Google’s “Enterprise Government” page also lists military/intelligence contractors Science Applications International Corporation (SAIC) and Blackbird Technologies among the companies it partners with. In particularly, Blackbird is a military contractor that supplies locators for “the covert ‘tagging, tracking and locating’ of suspected enemies,” according to Wired. Its customers include the U.S. Navy and U.S. Special Operations Command. SOCOM oversees the U.S. military’s special operations forces units, such as the Navy SEALs, Delta Force, Army Rangers, and Green Berets. Blackbird even sent some employees as armed operatives on secret missions with special operations forces. The company’s vice president is Cofer Black, a former CIA operative who ran the agency’s Counterterrorist Center before 9/11.

Palantir and the military

Many others tech companies are working with military and intelligence agencies. Amazon recently developed a $600 million cloud computing system for the CIA that will also service all 17 intelligence agencies. Both Amazon and the CIA have said little to nothing about the system’s capabilities.

Palantir, which is based in Palo Alto, California produces and sells data-mining and analysis software. Its customers include the U.S. Marine Corps, U.S. Special Operations Command, CIA, NSA, FBI, Defense Intelligence Agency, Department of Homeland Security, National Counterterrorism Center, LAPD, and NYPD. In California, the Northern California Regional Intelligence Center (NCRIC), one of 72 federally run fusion centers built across the nation since 9/11, uses Palantir software to collect and analyze license plate photos.

While Google sells its wares to whomever in order to make a profit, Palantir, as a company, isn’t solely dedicated to profit-maximizing. Counterterrorism has been part of the company’s mission since it began. The company was founded in 2004 by investor Alex Karp, who is the company’s chief executive, and billionaire PayPal founder Peter Thiel. In 2003, Thiel came up with the idea to develop software to fight terrorism based on PayPal’s fraud recognition software. The CIA’s In-Q-Tel helped jumpstart the company by investing $2 million. The rest of the company’s $30 million start-up costs were funded by Thiel and his venture capital fund.

Palantir’s software has “a user-friendly search tool that can scan multiple data sources at once, something previous search tools couldn’t do,” according to a 2009 Wall Street Journal profile. The software fills gaps in intelligence “by using a ‘tagging’ technique similar to that used by the search functions on most Web sites. Palantir tags, or categorizes, every bit of data separately, whether it be a first name, a last name or a phone number.” Analysts can quickly categorize information as it comes in. The software’s ability to scan and categorize multiple sources of incoming data helps analysts connect the dots among large and different pools of information — signals intelligence, human intelligence, geospatial intelligence, and much more. All this data is collected and analyzed in Palantir’s system. This makes it useful for war-related, intelligence, and law enforcement purposes. That is why so many military, police, and intelligence agencies want Palantir’s software.

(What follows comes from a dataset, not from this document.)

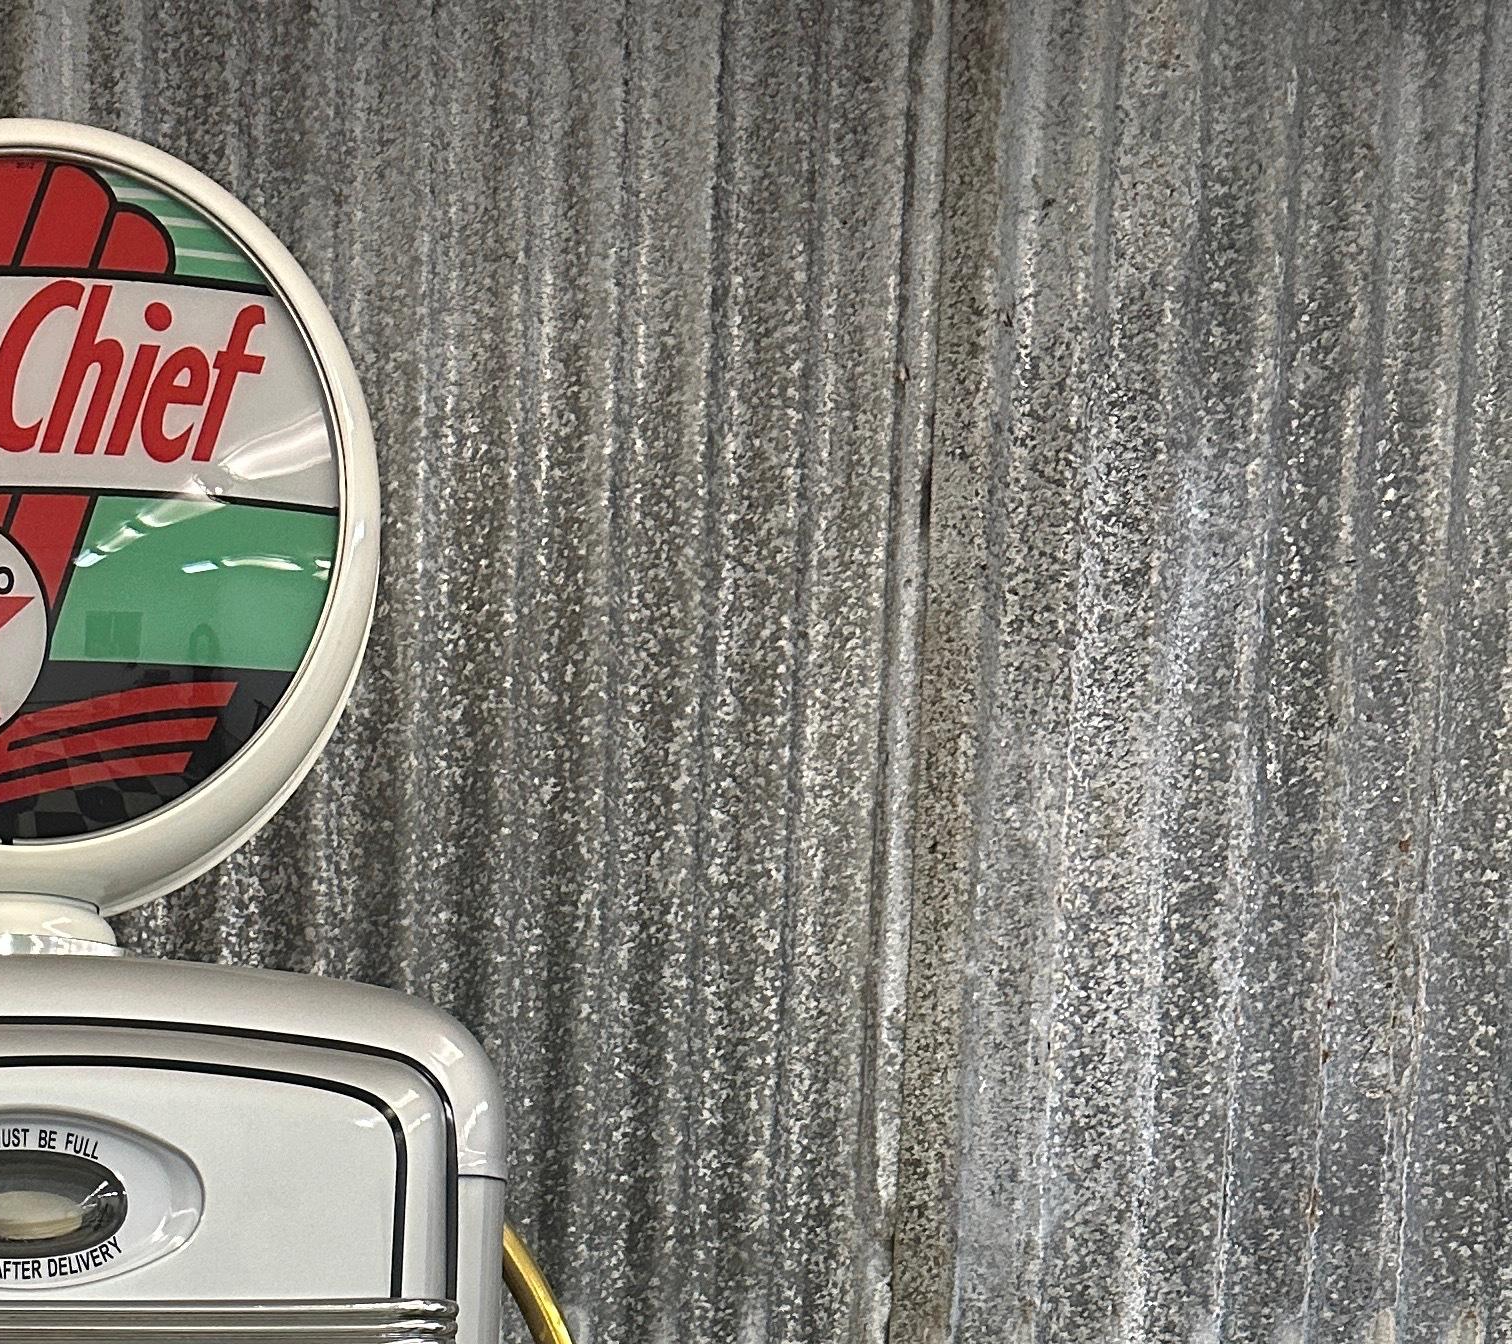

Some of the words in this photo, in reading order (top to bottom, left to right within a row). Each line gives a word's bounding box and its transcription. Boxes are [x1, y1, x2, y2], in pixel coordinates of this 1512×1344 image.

[38, 1130, 57, 1149] BE
[65, 1133, 98, 1160] FULL
[47, 1236, 123, 1278] DELIVERY

U.S. troops in Afghanistan who used Palantir’s software, particularly the Marines and SOCOM, found it very helpful for their missions. Commanders liked Palantir’s ability to direct them at insurgents who “build and bury homemade bombs, the biggest killer of U.S. troops in Afghanistan,” the Washington Times reported. A Government Accountability Office report said Palantir’s software “gained a reputation for being intuitive and easy to use, while also providing effective tools to link and visualize data.” Special operations forces found Palantir to be “a highly effective system for conducting intelligence information analysis and supporting operations” and “provided flexibility to support mobile, disconnected users out on patrols or conducting missions.” Many within the military establishment are pushing to have other branches, such as the Army, adopt Palantir’s software in order to improve intelligence-sharing.

Palantir’s friends include people from the highest echelons of the National Security State. Former CIA Director George Tenet and former Secretary of State Condoleezza Rice are advisers to Palantir, while former CIA director Gen. David Petraeus “considers himself a friend of Palantir CEO Alex Karp”, according to Forbes. Tenet told Forbes, “I wish I had Palantir when I was director. I wish we had the tool of its power because it not only slice and dices today, but it gives you an enormous knowledge management tool to make connections for analysts that go back five, six, six, eight, 10 years. It gives you a shot at your data that I don’t think any product that we had at the time did.”

High-tech militarism

Silicon Valley’s technology has numerous battlefield applications, which is something the U.S. military notices. Since the global war on terror began, the military has had a growing need for high-tech intelligence-gathering and other equipment. “A key challenge facing the military services is providing users with the capabilities to analyze the huge amount of intelligence data being collected,” the GAO report said. The proliferation of drones, counter-insurgency operations, sophisticated intelligence-surveillance-reconnaissance (ISR) systems, and new technologies and sensors changed how intelligence is used in counterinsurgency campaigns in Iraq and Afghanistan and counterterrorism operations in Pakistan, Somalia, Yemen, and other countries.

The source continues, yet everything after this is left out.